Electronic T&M market ‘to see big growth’

November 2018

Autonomous driving, 5G, Internet of Things (IoT), data centres, power applications, and new high-speed digital standards are the growth engines of the electronic test and measurement (T&M) equipment market for the next five years, a report said.

The next wave of growth has begun with the technologies making their way down the product lifecycle, from research and development (R&D) to manufacturing and deployment, according to the analysis titled “Global Electronic Test and Measurement, Forecast to 2022” from Frost & Sullivan.

Greater complexity and technology convergence will spur demand across verticals, with the largest opportunities coming from communications, semiconductors and computing industries, and the fastest growth in industrial and automotive verticals. Market winners will be those able to meet the demand while addressing the specific requirements.

“Greater complexity in end-user technologies calls for an increased cost of test. However, with RF proliferation in consumer devices, there is the notion that the cost of test equipment should follow that trend,” said Jessy Cavazos, industry director for Test & Measurement at Frost & Sullivan.

“It will be vital for market participants to come up with a new approach to test in the coming years as the traditional approach is not sustainable from cost and technical perspectives.”

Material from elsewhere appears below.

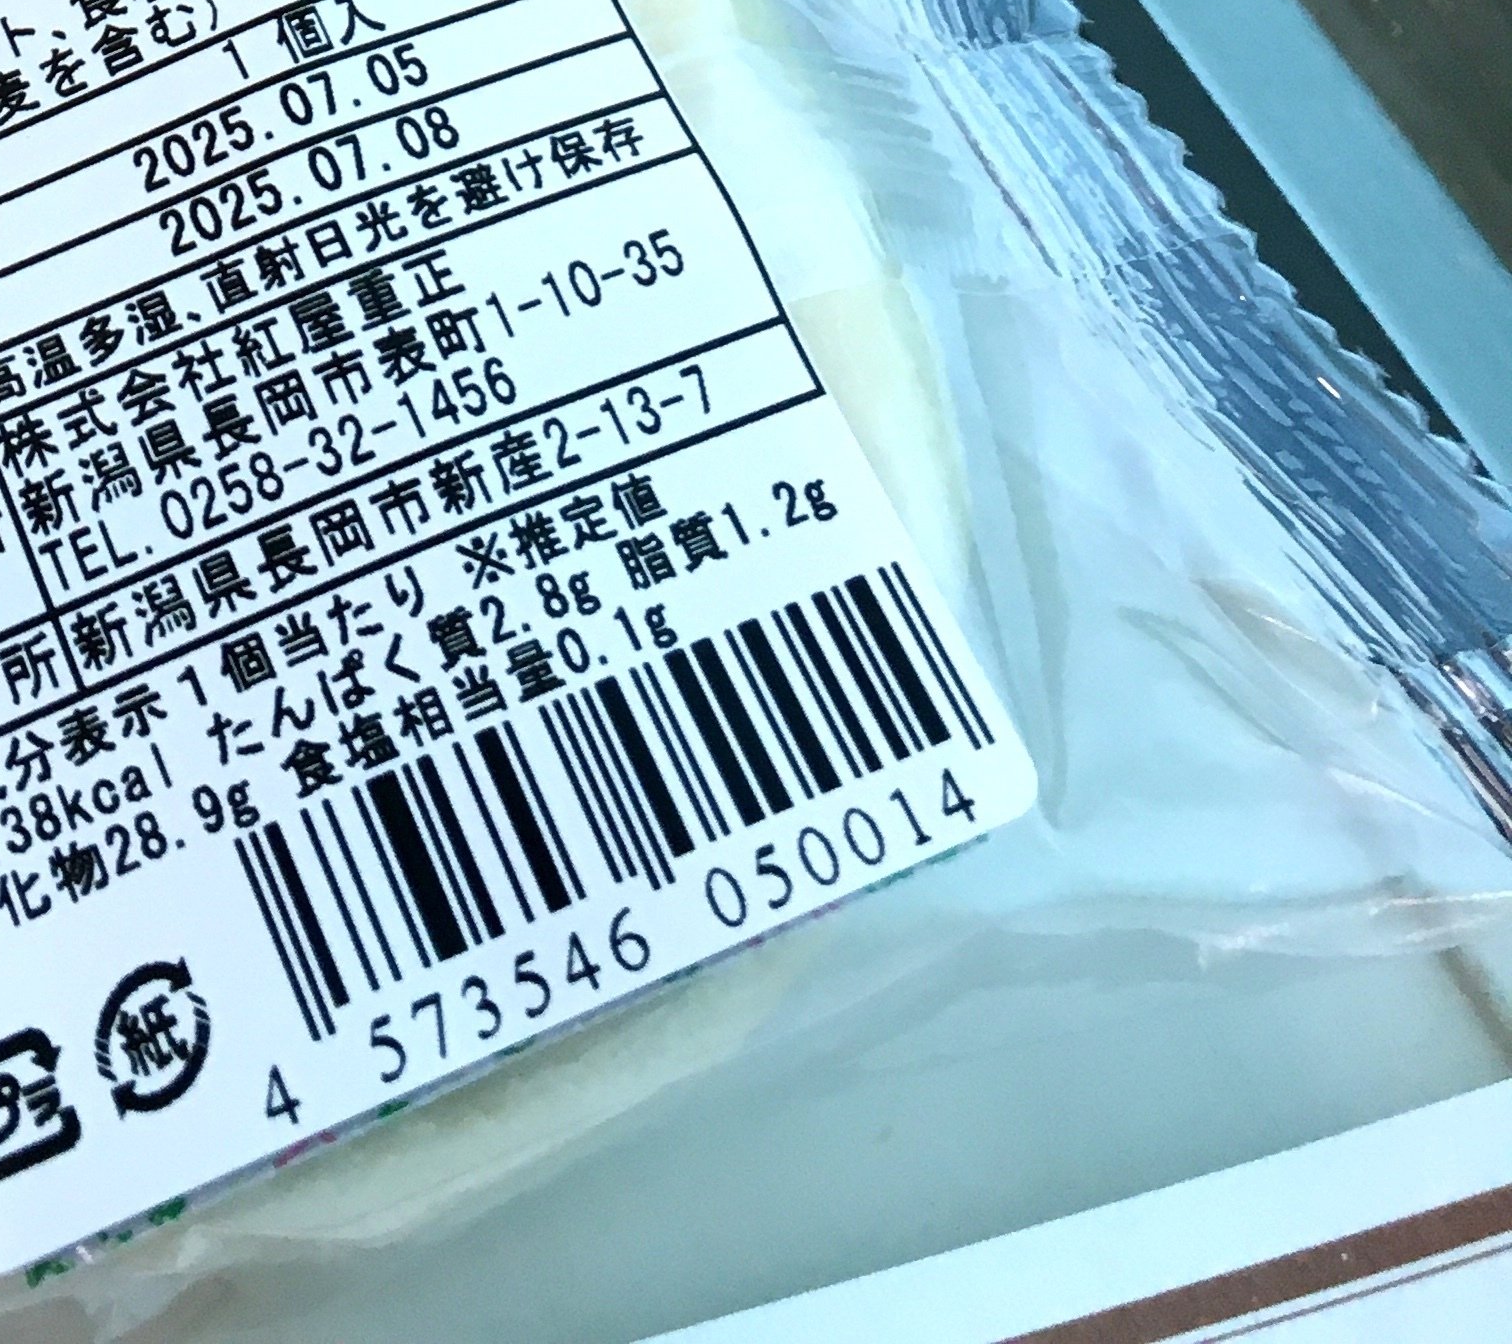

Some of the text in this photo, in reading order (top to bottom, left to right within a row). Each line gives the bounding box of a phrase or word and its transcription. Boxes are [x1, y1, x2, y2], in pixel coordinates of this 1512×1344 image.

A few of the key growth areas identified by Frost & Sullivan experts include:

• Autonomous Driving: These technologies call for innovative measurements and test approaches to address needs through automation as well as provide complete systems that cover electrical, mechanical and software aspects.

• 5G: Technical complexity with 5G has grown exponentially, with engineers requiring flexible and easily upgradable solutions. Therefore, vendors need to work with technology leaders early in the research stage to acquire the knowledge necessary to support customers.

• Power applications: Design engineers for power supplies and power sequencing applications need deeper insight into their designs for maximum energy efficiency. Test vendors should focus on solutions that have better noise performance, are more precise, and can catch fast, small and unpredictable signals.